* _EXERCISE MATERIAL_

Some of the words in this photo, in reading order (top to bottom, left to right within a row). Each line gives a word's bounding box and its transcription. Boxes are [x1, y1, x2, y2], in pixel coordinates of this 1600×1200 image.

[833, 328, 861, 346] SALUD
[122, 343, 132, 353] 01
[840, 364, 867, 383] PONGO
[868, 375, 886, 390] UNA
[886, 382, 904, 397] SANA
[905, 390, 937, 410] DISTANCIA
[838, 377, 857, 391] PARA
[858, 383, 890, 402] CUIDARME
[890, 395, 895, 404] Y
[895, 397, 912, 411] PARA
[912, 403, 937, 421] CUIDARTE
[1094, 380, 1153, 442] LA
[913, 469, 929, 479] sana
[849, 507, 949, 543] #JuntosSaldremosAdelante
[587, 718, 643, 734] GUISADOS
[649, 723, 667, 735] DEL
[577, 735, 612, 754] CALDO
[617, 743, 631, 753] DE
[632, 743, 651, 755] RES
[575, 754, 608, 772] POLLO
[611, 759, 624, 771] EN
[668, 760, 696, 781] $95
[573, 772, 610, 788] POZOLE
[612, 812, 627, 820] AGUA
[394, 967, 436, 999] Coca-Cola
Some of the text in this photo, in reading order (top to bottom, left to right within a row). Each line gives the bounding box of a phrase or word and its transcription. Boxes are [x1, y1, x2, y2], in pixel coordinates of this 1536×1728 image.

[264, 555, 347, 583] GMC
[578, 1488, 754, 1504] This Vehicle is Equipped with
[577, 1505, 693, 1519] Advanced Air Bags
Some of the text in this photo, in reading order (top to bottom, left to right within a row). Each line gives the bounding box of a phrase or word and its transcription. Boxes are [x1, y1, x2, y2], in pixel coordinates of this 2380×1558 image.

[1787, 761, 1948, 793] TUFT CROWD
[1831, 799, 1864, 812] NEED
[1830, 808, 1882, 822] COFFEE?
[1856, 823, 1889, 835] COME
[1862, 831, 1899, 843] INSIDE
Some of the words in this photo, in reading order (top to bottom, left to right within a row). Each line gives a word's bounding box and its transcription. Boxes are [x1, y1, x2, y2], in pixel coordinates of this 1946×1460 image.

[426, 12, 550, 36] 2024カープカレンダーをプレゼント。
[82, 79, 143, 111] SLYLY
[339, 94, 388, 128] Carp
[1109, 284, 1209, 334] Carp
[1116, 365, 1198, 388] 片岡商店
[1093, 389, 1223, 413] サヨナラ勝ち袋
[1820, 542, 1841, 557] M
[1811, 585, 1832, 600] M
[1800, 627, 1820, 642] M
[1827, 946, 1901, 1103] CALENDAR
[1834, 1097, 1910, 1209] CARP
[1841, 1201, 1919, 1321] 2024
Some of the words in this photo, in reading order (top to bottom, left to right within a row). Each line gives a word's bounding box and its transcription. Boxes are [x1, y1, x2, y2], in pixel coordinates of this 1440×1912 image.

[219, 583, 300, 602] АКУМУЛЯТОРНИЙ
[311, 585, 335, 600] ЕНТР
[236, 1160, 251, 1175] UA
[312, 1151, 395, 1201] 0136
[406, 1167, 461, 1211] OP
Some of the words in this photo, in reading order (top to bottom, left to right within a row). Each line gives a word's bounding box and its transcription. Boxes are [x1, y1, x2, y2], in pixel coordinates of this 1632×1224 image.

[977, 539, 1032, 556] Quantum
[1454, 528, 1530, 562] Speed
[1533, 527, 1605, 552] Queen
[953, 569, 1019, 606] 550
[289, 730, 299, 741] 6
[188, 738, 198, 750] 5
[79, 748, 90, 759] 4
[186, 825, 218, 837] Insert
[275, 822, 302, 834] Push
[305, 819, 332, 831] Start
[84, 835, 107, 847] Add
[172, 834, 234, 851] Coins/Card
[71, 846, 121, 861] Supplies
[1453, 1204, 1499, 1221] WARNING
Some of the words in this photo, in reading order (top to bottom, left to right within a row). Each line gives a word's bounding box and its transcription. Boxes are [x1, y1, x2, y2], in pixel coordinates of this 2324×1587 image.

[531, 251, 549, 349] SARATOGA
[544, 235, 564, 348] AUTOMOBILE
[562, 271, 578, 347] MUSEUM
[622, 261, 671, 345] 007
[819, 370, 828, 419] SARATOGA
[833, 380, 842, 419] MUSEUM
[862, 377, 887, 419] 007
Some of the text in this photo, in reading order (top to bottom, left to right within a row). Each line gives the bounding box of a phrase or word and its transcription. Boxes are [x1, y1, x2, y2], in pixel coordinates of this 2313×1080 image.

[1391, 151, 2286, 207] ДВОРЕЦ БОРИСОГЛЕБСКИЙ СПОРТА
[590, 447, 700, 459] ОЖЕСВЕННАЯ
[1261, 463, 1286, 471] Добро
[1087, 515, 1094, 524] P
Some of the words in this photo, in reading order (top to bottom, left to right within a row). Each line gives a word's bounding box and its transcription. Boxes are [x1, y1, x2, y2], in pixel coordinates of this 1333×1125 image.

* _WORK TO BE COMPLETED_
Using the entries above, copy exactly the lines from the one containing "this 2313×1080 image." through the last, both included.

* _SOLUTION FOR THIS EXERCISE_
Some of the text in this photo, in reading order (top to bottom, left to right within a row). Each line gives the bounding box of a phrase or word and its transcription. Boxes are [x1, y1, x2, y2], in pixel coordinates of this 2313×1080 image.

[1391, 151, 2286, 207] ДВОРЕЦ БОРИСОГЛЕБСКИЙ СПОРТА
[590, 447, 700, 459] ОЖЕСВЕННАЯ
[1261, 463, 1286, 471] Добро
[1087, 515, 1094, 524] P
Some of the words in this photo, in reading order (top to bottom, left to right within a row). Each line gives a word's bounding box and its transcription. Boxes are [x1, y1, x2, y2], in pixel coordinates of this 1333×1125 image.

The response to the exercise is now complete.